Word for word, and with pictures excluded, copy out all the records that follow.

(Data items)
====

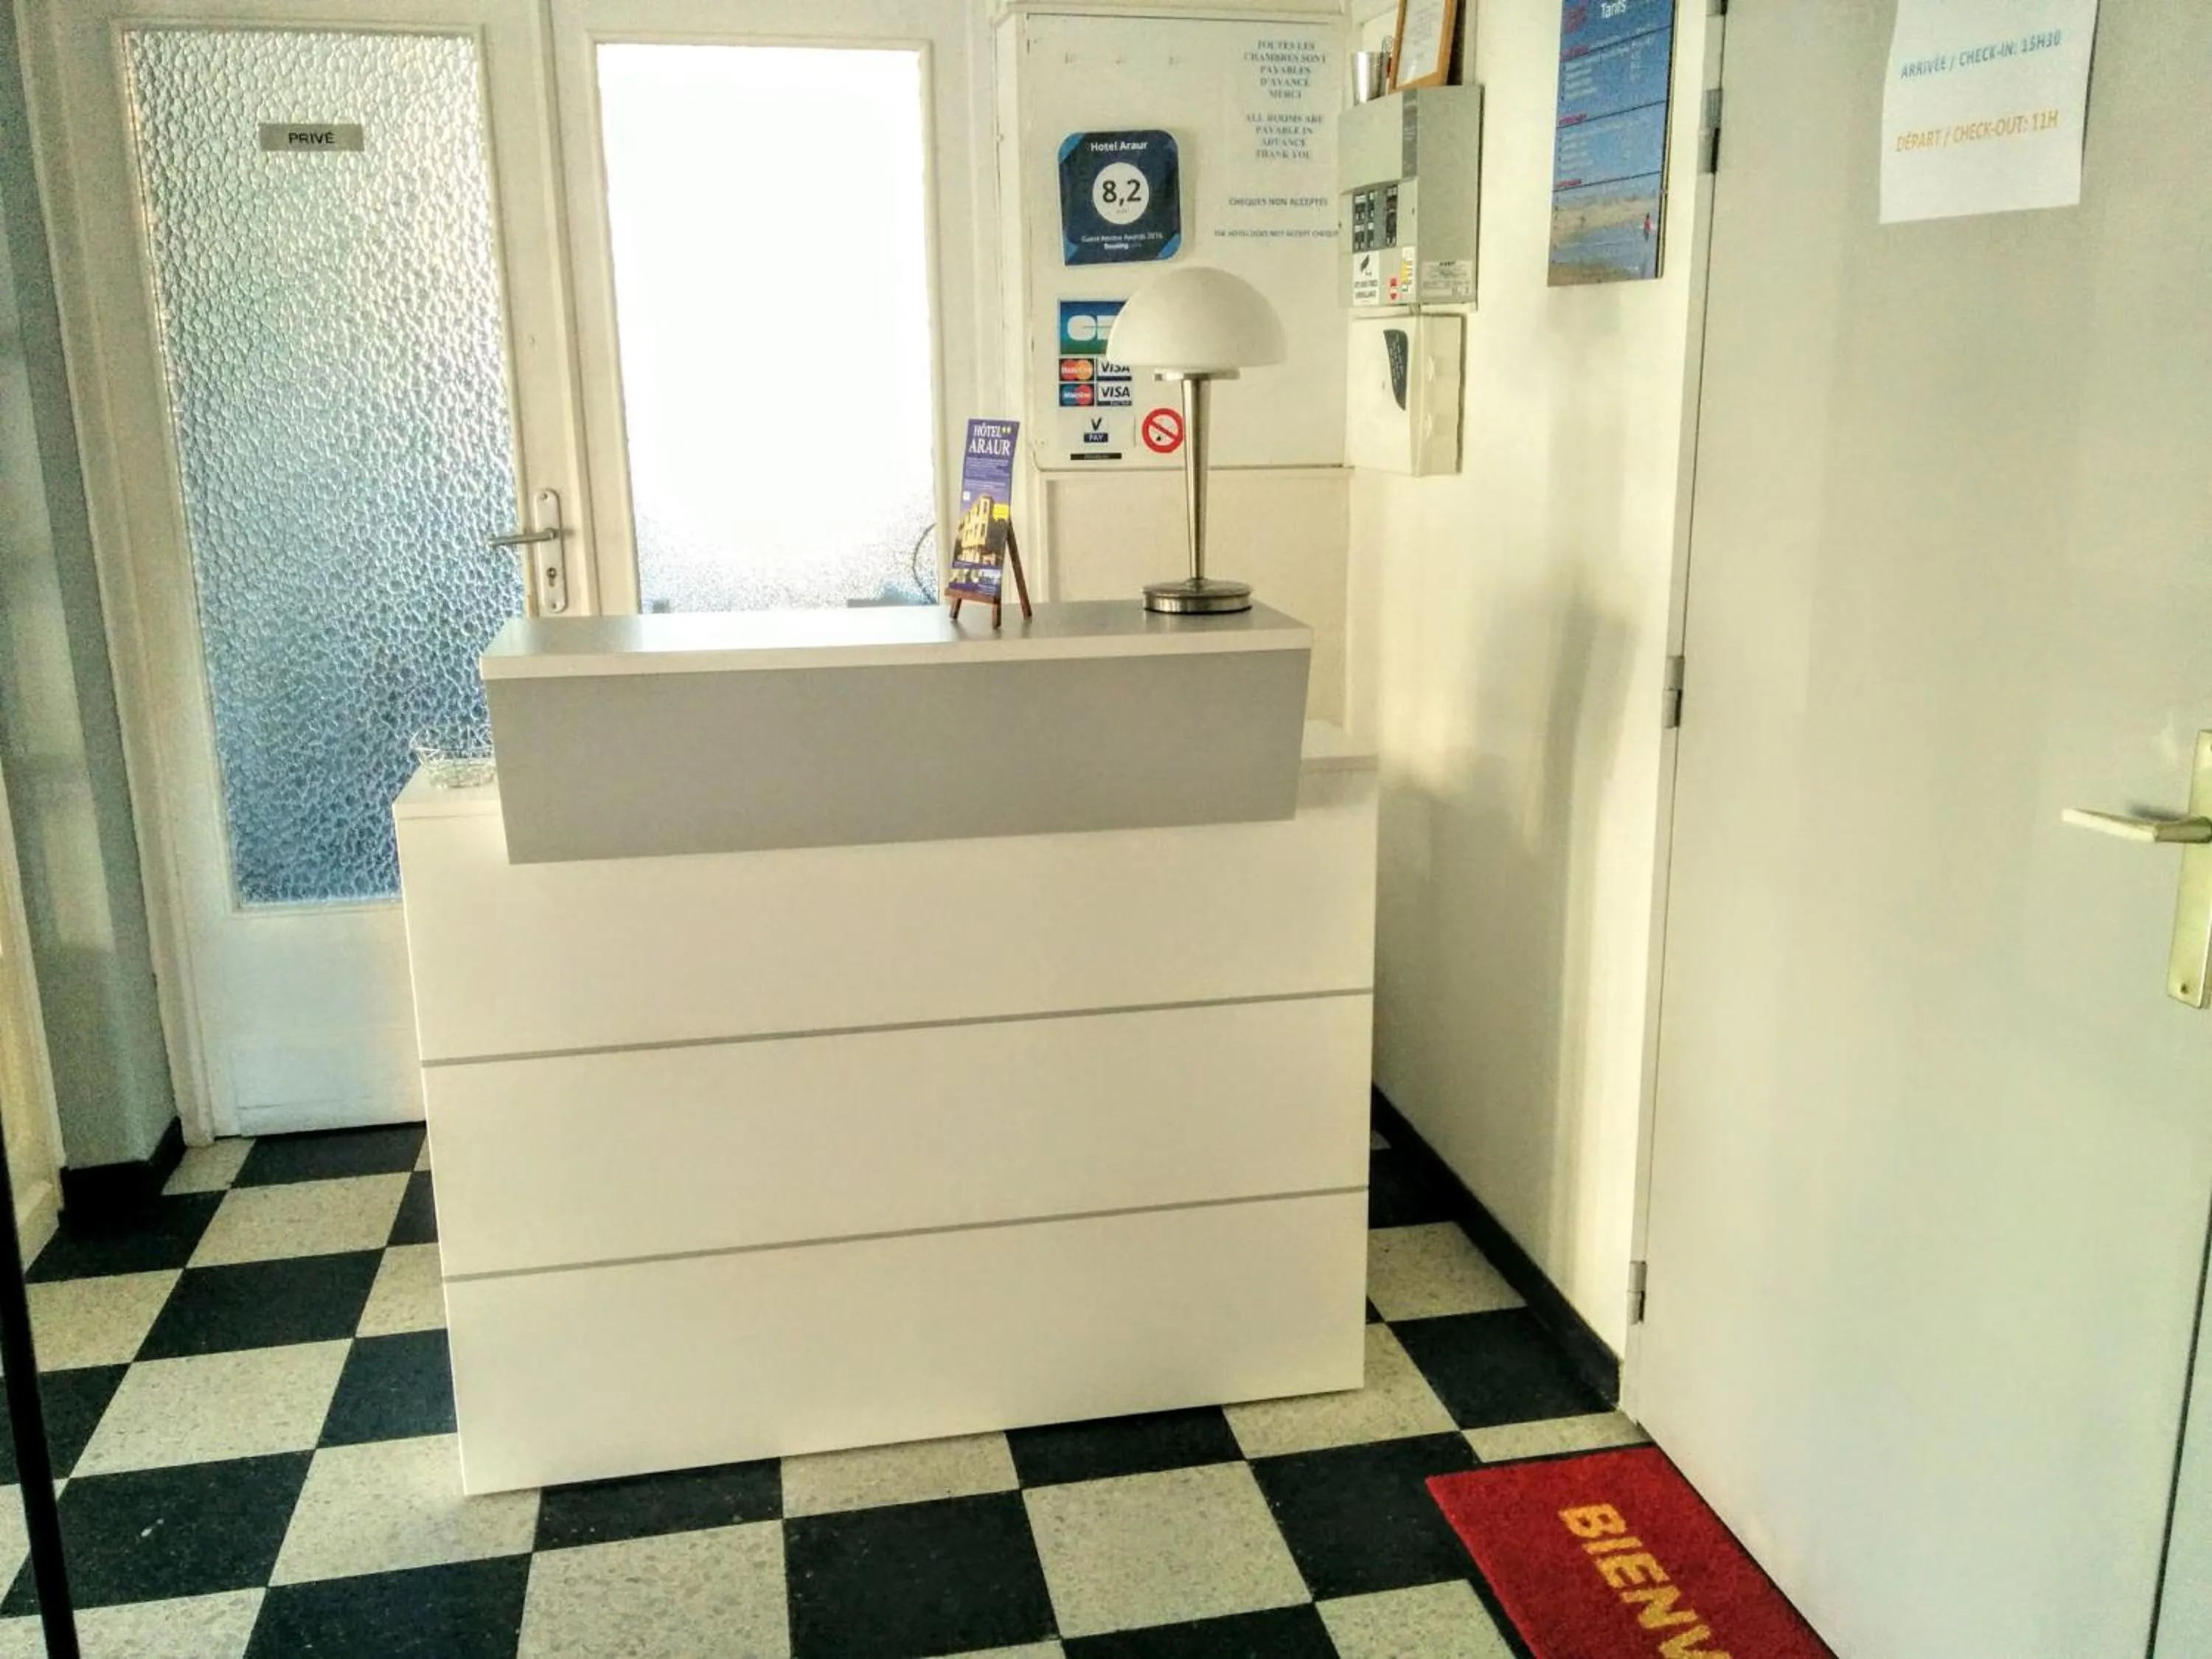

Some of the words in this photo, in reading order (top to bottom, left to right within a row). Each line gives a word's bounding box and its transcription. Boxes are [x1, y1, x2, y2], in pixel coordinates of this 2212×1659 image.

[1900, 55, 1947, 79] ARRIVÉE
[1958, 41, 2017, 67] CHECK-IN:
[288, 131, 335, 145] PRIVÉ
[1895, 129, 1943, 153] DÉPART
[1953, 114, 2028, 143] CHECK-OUT:
[1091, 142, 1118, 151] Hotel
[1120, 141, 1148, 150] Araur
[1102, 178, 1142, 206] 8,2
[1101, 386, 1130, 398] VISA
[973, 422, 1002, 439] HÔTEL
[967, 437, 1011, 456] ARAUR

====

(EXERCISE ANSWER)
Some of the words in this photo, in reading order (top to bottom, left to right within a row). Each line gives a word's bounding box and its transcription. Boxes are [x1, y1, x2, y2], in pixel coordinates of this 2212×1659 image.

[1900, 55, 1947, 79] ARRIVÉE
[1958, 41, 2017, 67] CHECK-IN:
[288, 131, 335, 145] PRIVÉ
[1895, 129, 1943, 153] DÉPART
[1953, 114, 2028, 143] CHECK-OUT:
[1091, 142, 1118, 151] Hotel
[1120, 141, 1148, 150] Araur
[1102, 178, 1142, 206] 8,2
[1101, 386, 1130, 398] VISA
[973, 422, 1002, 439] HÔTEL
[967, 437, 1011, 456] ARAUR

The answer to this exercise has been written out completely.